Task item — Beginning at the line that contains "this 1800×1199 image." and ending at the last line of the entries, write out each line exactly; include nothing outside that span.

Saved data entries

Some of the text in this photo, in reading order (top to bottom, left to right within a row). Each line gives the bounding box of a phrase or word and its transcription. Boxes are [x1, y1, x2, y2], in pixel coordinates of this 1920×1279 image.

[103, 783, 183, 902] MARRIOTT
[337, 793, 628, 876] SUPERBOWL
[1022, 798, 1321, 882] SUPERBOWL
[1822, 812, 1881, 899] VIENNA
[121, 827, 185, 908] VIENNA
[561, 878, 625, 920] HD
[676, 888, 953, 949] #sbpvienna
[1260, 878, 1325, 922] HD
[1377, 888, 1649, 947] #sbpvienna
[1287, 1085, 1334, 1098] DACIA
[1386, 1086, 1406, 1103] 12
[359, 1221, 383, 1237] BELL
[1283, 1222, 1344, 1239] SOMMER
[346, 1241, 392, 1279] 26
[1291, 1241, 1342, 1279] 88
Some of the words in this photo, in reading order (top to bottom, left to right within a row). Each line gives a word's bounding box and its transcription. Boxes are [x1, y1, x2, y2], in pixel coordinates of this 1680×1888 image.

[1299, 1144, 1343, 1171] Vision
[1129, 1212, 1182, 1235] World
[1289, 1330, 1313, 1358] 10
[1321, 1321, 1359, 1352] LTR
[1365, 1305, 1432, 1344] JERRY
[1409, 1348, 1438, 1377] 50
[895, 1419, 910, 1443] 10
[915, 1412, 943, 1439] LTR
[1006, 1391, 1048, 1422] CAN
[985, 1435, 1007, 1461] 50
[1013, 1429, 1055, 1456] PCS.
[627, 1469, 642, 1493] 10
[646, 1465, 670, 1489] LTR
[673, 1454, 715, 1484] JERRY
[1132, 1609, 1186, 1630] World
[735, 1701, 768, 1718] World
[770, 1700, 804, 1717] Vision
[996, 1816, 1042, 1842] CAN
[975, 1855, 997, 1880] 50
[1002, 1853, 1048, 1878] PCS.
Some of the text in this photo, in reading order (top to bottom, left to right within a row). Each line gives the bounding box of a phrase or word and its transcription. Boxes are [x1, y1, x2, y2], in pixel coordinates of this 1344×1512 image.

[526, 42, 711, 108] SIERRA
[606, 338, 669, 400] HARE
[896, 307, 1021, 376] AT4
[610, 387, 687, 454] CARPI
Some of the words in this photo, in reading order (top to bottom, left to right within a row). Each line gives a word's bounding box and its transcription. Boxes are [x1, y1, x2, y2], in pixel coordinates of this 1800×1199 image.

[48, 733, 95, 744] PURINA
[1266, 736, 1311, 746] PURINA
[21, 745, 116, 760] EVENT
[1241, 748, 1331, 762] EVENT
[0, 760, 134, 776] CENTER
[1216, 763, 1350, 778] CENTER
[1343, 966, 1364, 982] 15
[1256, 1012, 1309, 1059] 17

Answer to this problem —
Some of the words in this photo, in reading order (top to bottom, left to right within a row). Each line gives a word's bounding box and its transcription. Boxes are [x1, y1, x2, y2], in pixel coordinates of this 1800×1199 image.

[48, 733, 95, 744] PURINA
[1266, 736, 1311, 746] PURINA
[21, 745, 116, 760] EVENT
[1241, 748, 1331, 762] EVENT
[0, 760, 134, 776] CENTER
[1216, 763, 1350, 778] CENTER
[1343, 966, 1364, 982] 15
[1256, 1012, 1309, 1059] 17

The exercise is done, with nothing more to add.